Author :Horizon Max
✨ 编程技巧篇:各种操作小结
机器视觉篇:会变魔术 OpenCV
深度学习篇:简单入门 PyTorch
神经网络篇:经典网络模型
算法篇:再忙也别忘了 LeetCode
Size:
32×32 RGB图像 ,数据集本身是 BGR 通道
Num:
训练集 50000 和 测试集 10000,一共60000张图片
Classes:
plane(飞机), car(汽车),bird(鸟),cat(猫),deer(鹿),dog(狗),frog(蛙类),horse(马),ship(船),truck(卡车)
官方下载链接:CIFAR-10
官网提供了数据集读取的方法(python3 version):
def unpickle(file):
import pickle
with open(file, 'rb') as fo:
dict = pickle.load(fo, encoding='bytes')
return dict
返回的是一个 字典
1)CIFAR-10数据集文件夹
2)将字典打印出来
dict = unpickle('./data_batch_1')
print(dict)
{b'batch_label': b'training batch 1 of 5',
b'labels': [6, 9 ... 1, 5],
b'data': array([[ 59, 43, 50, ..., 140, 84, 72],
...
[ 62, 61, 60, ..., 130, 130, 131]], dtype=uint8),
b'filenames': [b'leptodactylus_pentadactylus_s_000004.png', b'camion_s_000148.png',
...
b'estate_car_s_001433.png', b'cur_s_000170.png']}
b’batch_label’
: 所属文件集
b’labels’
: 图片标签
b’data’
:图片数据
b’filename’
:图片名称
3)打印类型
print(type(dict[b'batch_label']))
print(type(dict[b'labels']))
print(type(dict[b'data']))
print(type(dict[b'filenames']))
<class 'bytes'>
<class 'list'>
<class 'numpy.ndarray'>
<class 'list'>
4)打印图片类型
img = dict[b'data']
print(img.shape)
(10000, 3072)
其中 3072 = 32 * 32 * 3 (图片 size)
5)绘制图片
show_image = img[666]
img_reshape = show_image.reshape(3, 32, 32)

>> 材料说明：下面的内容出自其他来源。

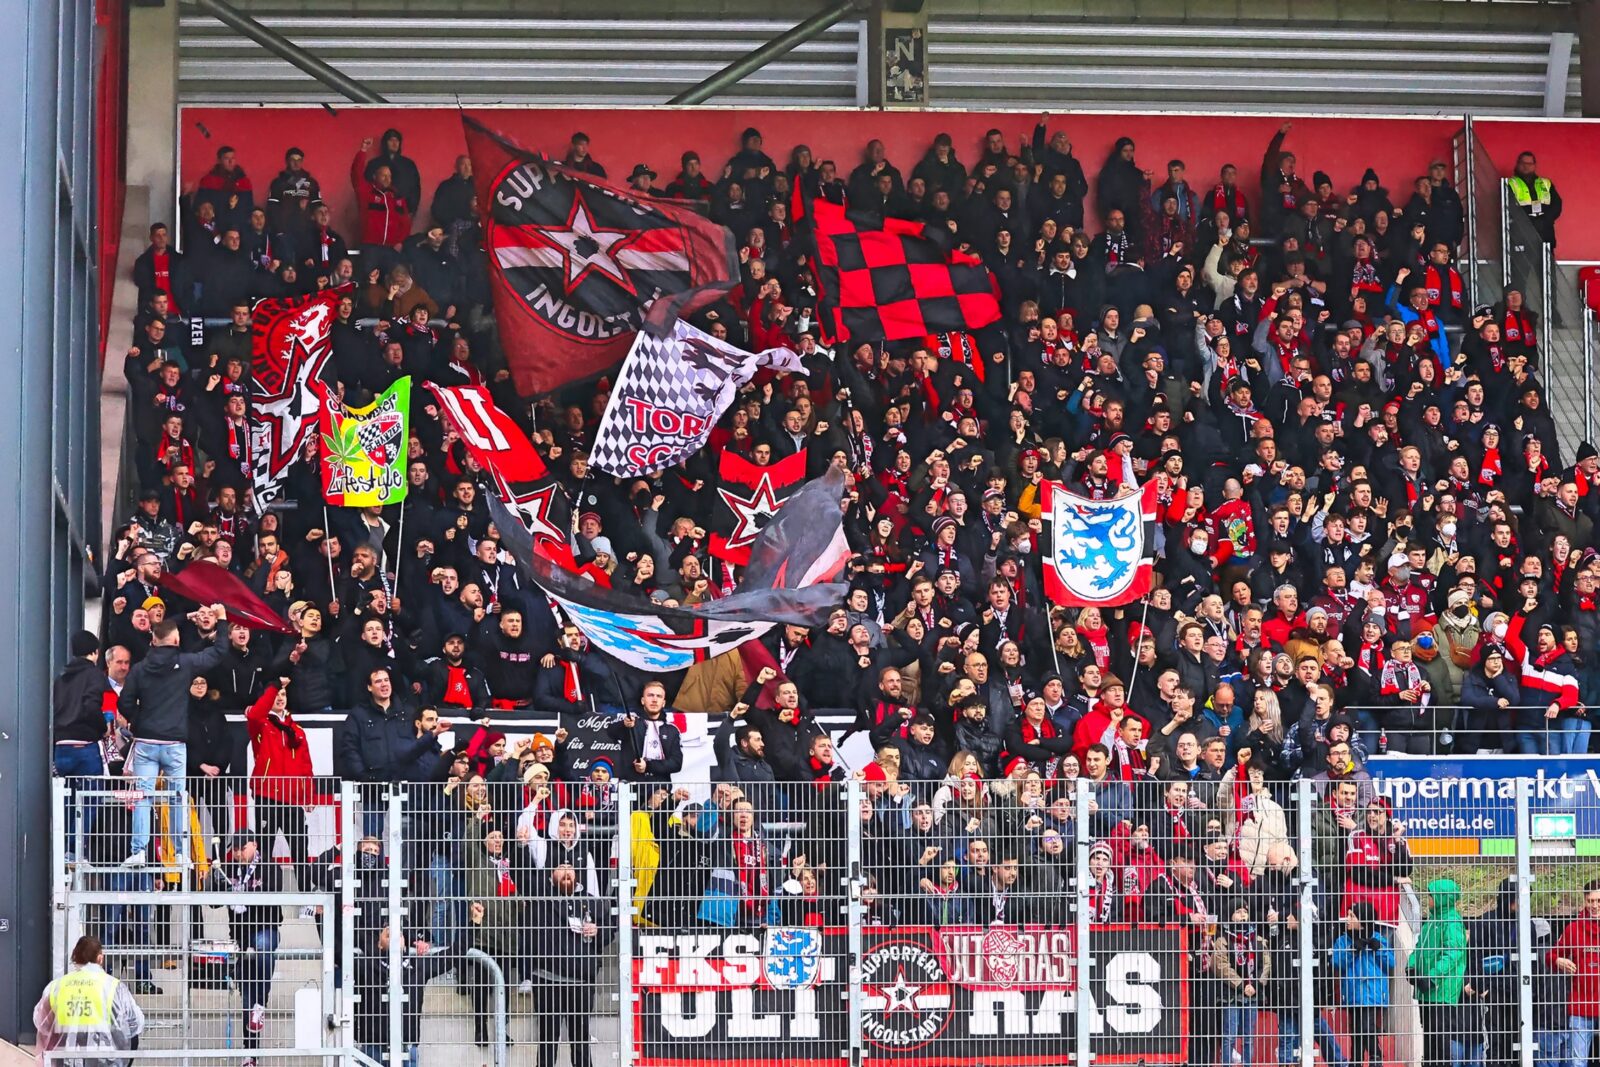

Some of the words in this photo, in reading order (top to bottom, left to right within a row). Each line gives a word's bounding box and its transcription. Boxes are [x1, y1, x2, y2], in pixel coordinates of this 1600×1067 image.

[590, 739, 622, 751] imme
[639, 934, 760, 985] FKS
[860, 946, 943, 982] SUPPORTERS
[66, 1000, 92, 1017] 365
[860, 1010, 943, 1045] INGOLSTADT
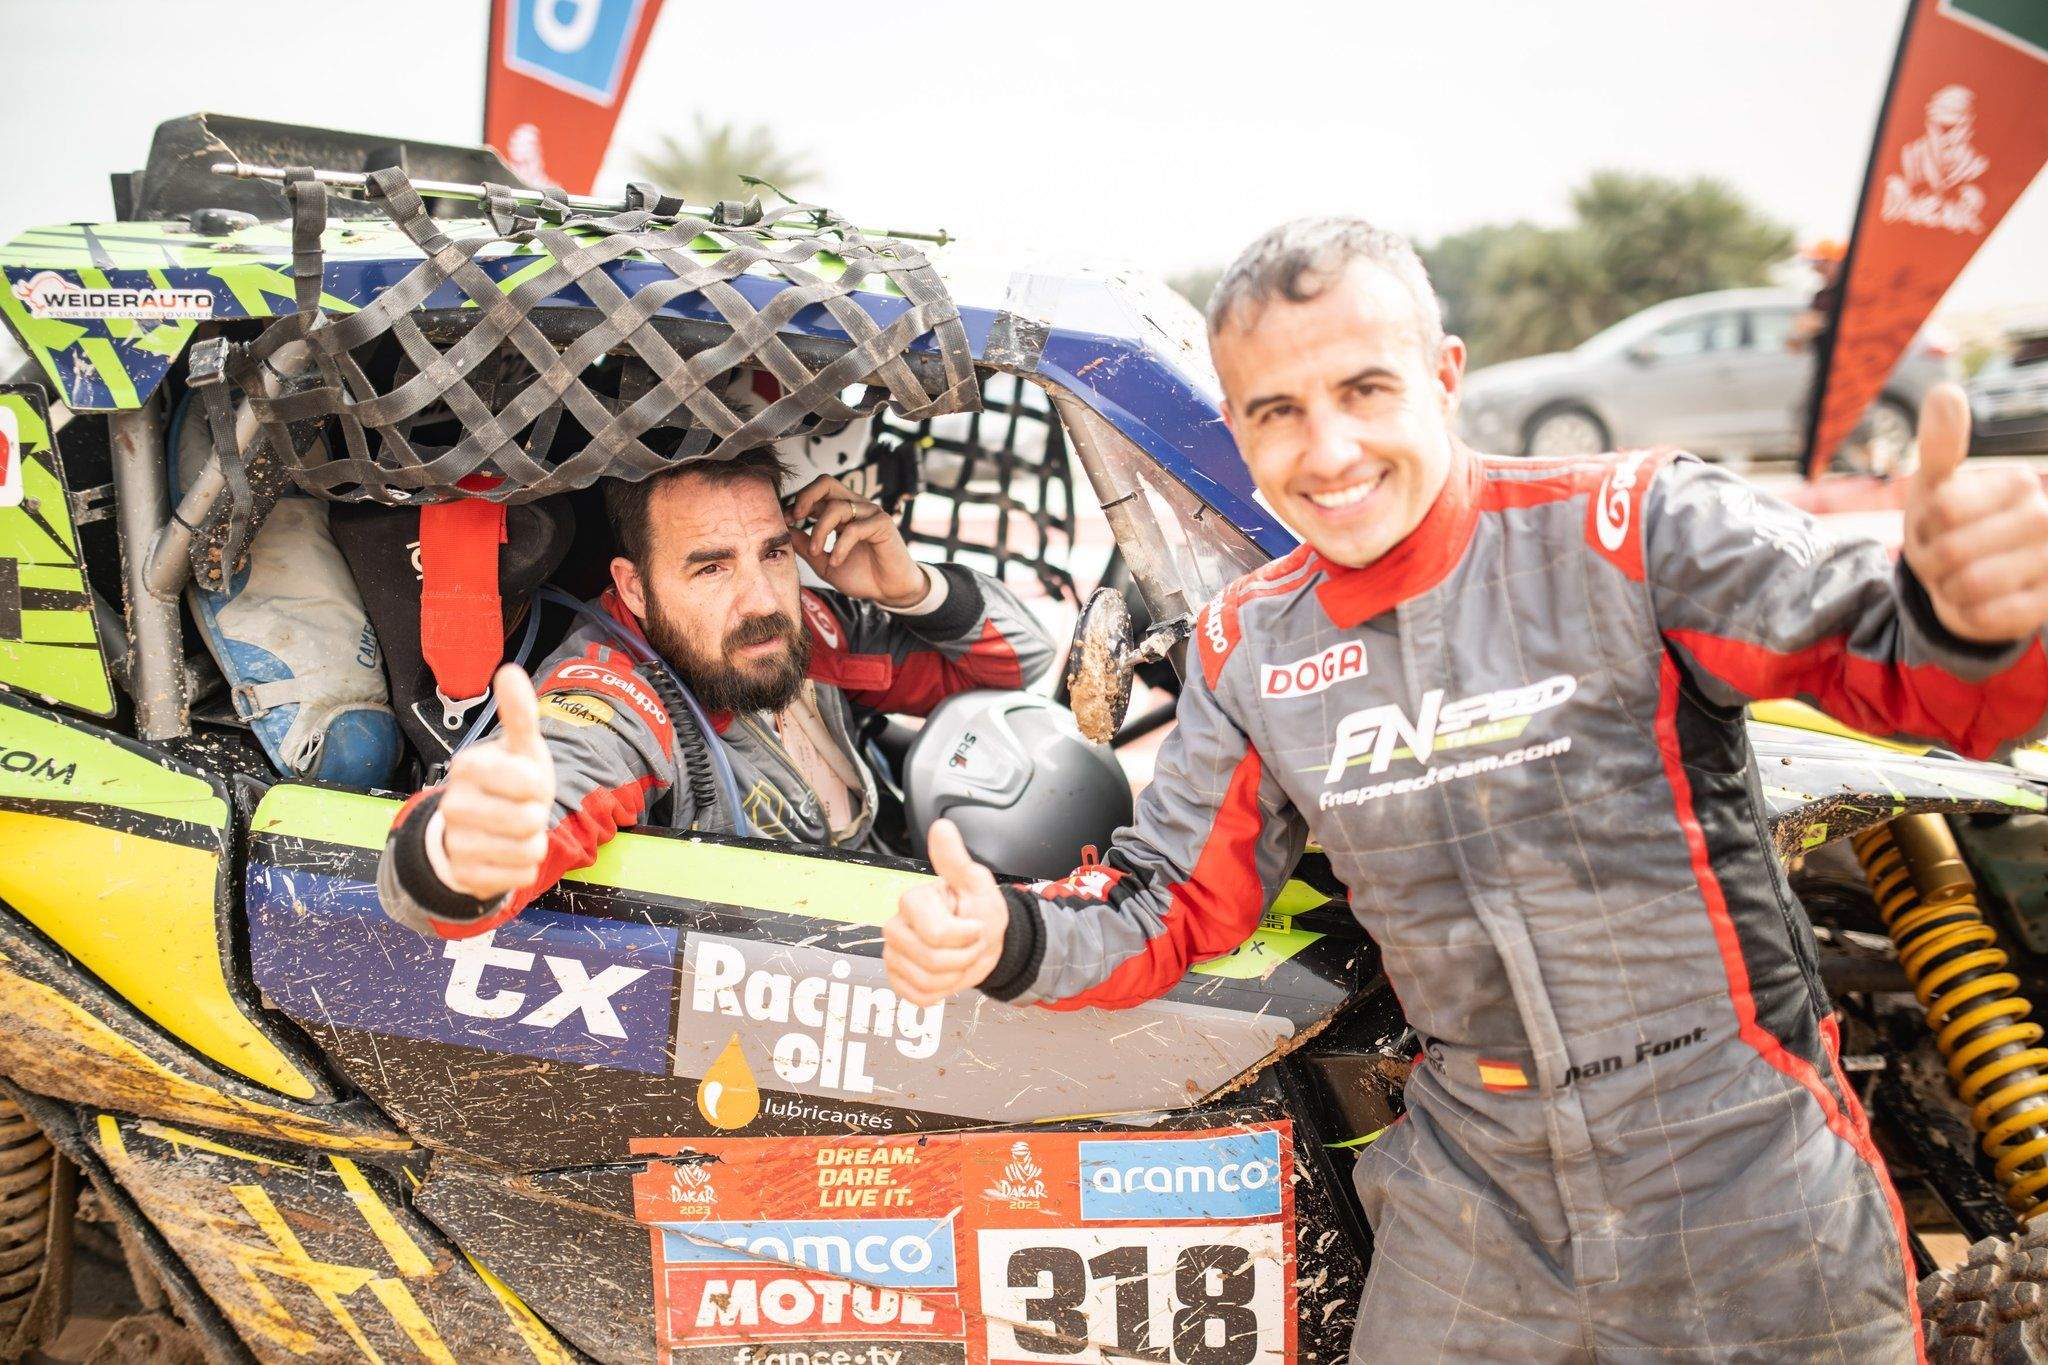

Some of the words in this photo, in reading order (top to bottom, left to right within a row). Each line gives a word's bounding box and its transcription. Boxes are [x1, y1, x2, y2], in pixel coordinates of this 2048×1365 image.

[43, 294, 212, 308] WEIDERAUTO
[1265, 645, 1363, 695] DOGA
[601, 674, 667, 725] galuppo
[0, 746, 77, 785] OM
[1319, 736, 1573, 811] fnspeedteam.com
[691, 940, 945, 1060] Racing
[1635, 1026, 1708, 1064] Font
[764, 1097, 893, 1131] lubricantes
[816, 1148, 921, 1166] DREAM.
[671, 1184, 719, 1204] DAKAR
[817, 1168, 898, 1188] DARE.
[999, 1179, 1049, 1200] DAKAR
[1092, 1161, 1268, 1194] aramco
[680, 1205, 712, 1216] 2023
[818, 1189, 882, 1208] LIVE
[883, 1188, 914, 1207] IT.
[1009, 1201, 1041, 1210] 2023
[694, 1278, 935, 1327] MOTUL
[1006, 1244, 1259, 1365] 318

pic = img_reshape.transpose(1, 2, 0) # (3, 32, 32) --> (32, 32, 3)
plt.imshow(pic)
plt.show()
label = dict[b'labels']
image_label = label[666]
print(image_label)
9
这张图片是个 9
truck(卡车)
transforms.Normalize((0.4914, 0.4822, 0.4465), (0.2023, 0.1994, 0.2010))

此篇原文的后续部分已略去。